APM Tools: open-source vs commercial vendor
Open source-based APM tools offer a lot of freedom for users, since users can access and customize the tool's source code for their project-specific needs. They also allow for self-hosting, which can help in the context of tightening data protection laws and removing the privacy and security concerns customers may have to put customer data going to third-party services. Open source APM tools also often offer a vibrant community of active developers who might provide helpful plugins and tips.
However, many SaaS-based commercial APM tools offer free or reasonably priced bundles. Open source is rarely really free, and many commercial SaaS solutions offer better, more reliable, and reasonably priced APM tools. You should spend time and effort in APM feature evaluation and make the best decision that saves cost and works well with your stack.
APM Tools Overview
From the Gartner Research, it provides the reviews and ratings of existing commercial vendor based application performance monitoring and observability tools in the market. In this blog post, I will take a look at some of those APM tools. I also choose some open-source based APM tools to look at in this blog post.
Splunk
Splunk is an extensible data platform that offers a range of solutions for analytics, monitoring and security to identify data patterns, provide metrics and diagnose problems. It delivers real-time monitoring and alerting for all environments, on-premises, hybrid or multicloud.
Key features:
- Collects data from virtually any source and location
- Converts logs into metrics and analyzes and correlates data to create real-time visualizations and dashboards
- Provides a policy-based mechanism to reserve system resources for workload collection
- Provides a search processing language for both simple searches and advanced data exploration
- Provides thresholds for monitoring events and proactively warns of potential problems when data passes the threshold
- Pushes alerts to notify regarding critical events and impending conditions in real-time
- Analyzes metrics and events data with visualizations like bar charts, reference lines, scatter plots and column charts
- Offers outlier and anomaly detection and predictive analytics using machine learning toolkit
- Supports open source algorithms and creates custom machine learning models to help operationalize data
Splunk is more focused on monitoring and analyzing data generated from various machines, converting them so that they can be analyzed by developers. It takes more of a log management approach that makes it ideal for managing and monitoring the large amount of data generated from the devices running on the network. It’s great for analyzing the huge number of log files generated by enterprise systems. It eliminates the need for IT to spend hours trawling through all the logs looking for performance issues. Splunk integrates data streams from a huge number of sources. It supports a wide range of data formats, and .xml, .csv and .json files are all supported. This is important if a company needs data stream integration from multiple data formats.

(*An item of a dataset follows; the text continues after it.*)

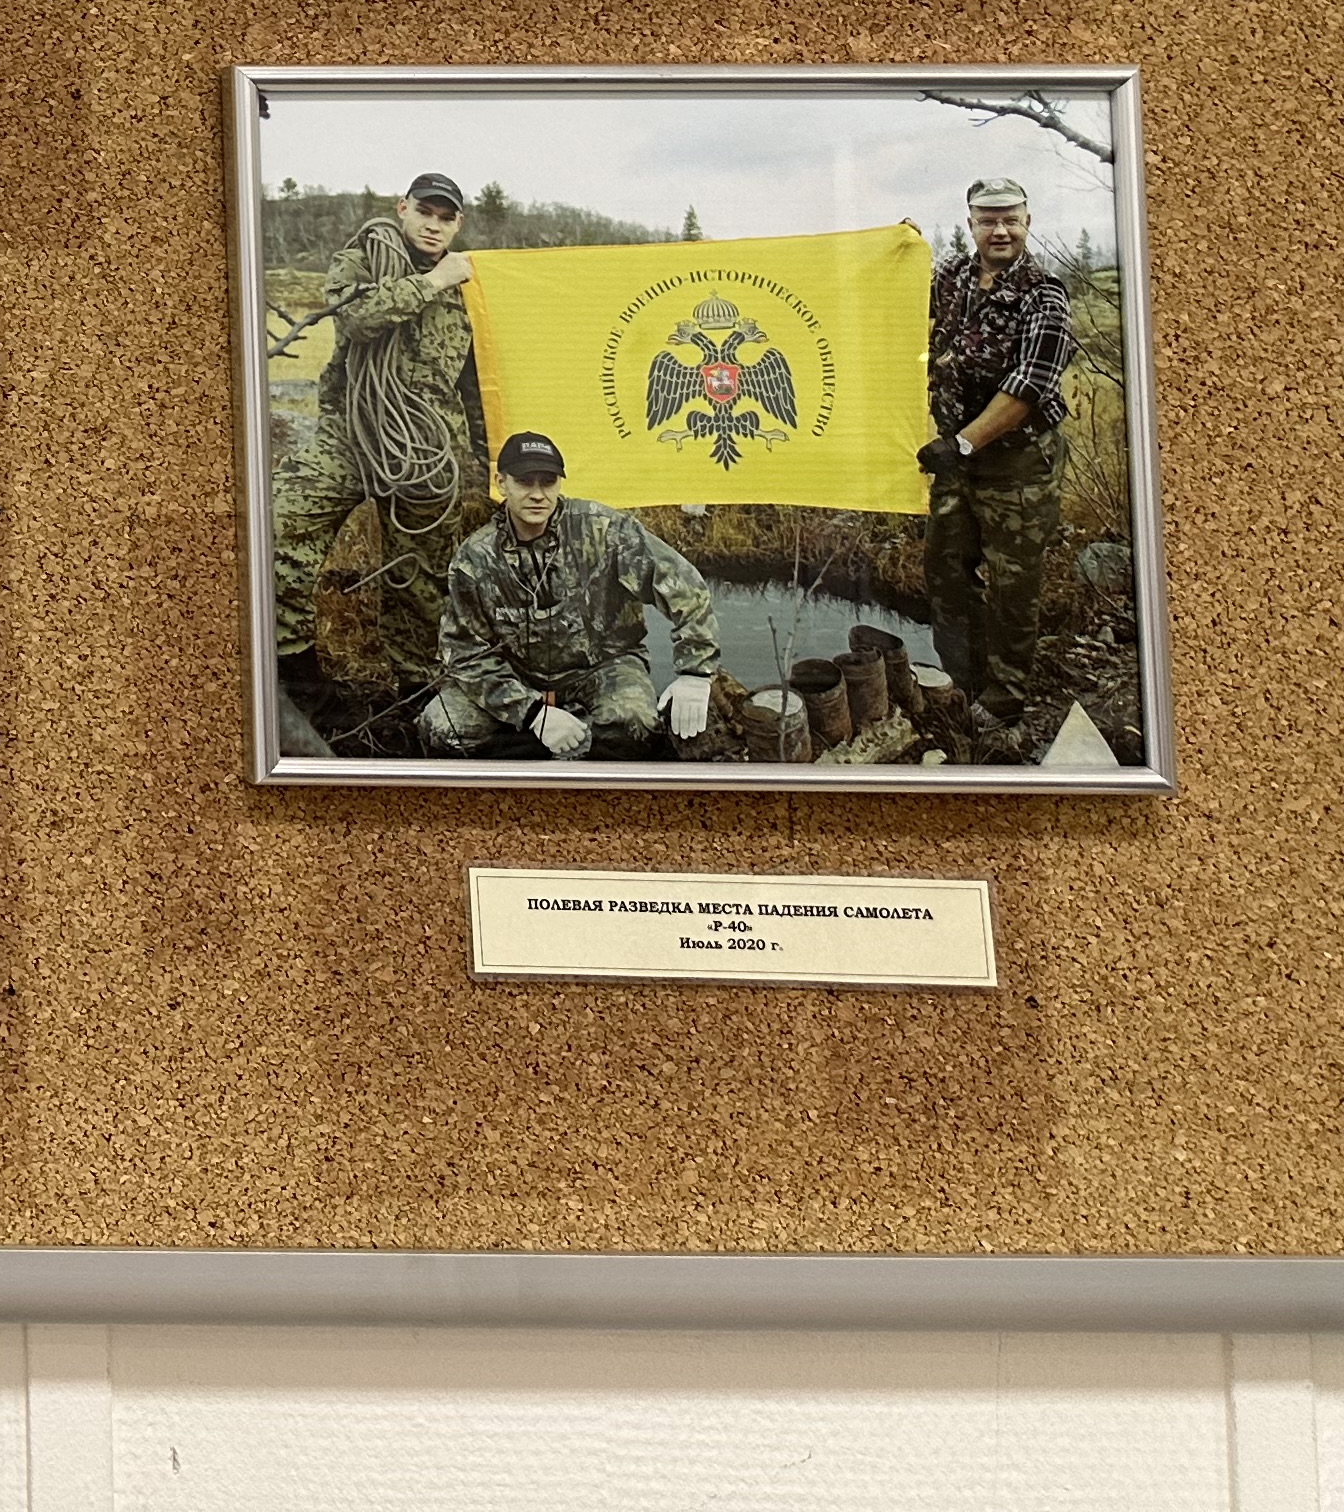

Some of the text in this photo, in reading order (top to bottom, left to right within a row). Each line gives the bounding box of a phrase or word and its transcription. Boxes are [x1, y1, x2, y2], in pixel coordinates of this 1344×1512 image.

Splunk is a much broader platform and toolset geared for a heavy duty large enterprise. It offers a breadth of management by providing a wide range of products. Splunk bundles similar tools together and offers them as two different types of platforms, Splunk Cloud and Splunk Enterprise. Splunk Cloud can be hosted on the cloud server. The entire set of the configurations, as well as the maintenance, is completely done by Splunk. Splunk Enterprise can be maintained by the data center and users need to just style up the entire hardware infrastructure. The integration of Splunk Cloud and Splunk Enterprise provides end-to-end full-stack coverage across hybrid cloud environments.
Apart from being regarded as a Visionary in the latest Gartner Magic Quadrant for APM and Observability, Splunk also has been named as a Leader in the latest Gartner Magic Quadrant for Security Information and Event Management (SIEM). Splunk includes more than 2300 out-of-the-box integrations for comprehensive tech stack visibility. In StackShare community, Splunk has been mentioned in 79 company stacks and 437 developer stacks. It belongs among the founding members and the number one contributor to OpenTelemetry. Splunk APM supports open, vendor-neutral instrumentation, allowing for even more flexibility.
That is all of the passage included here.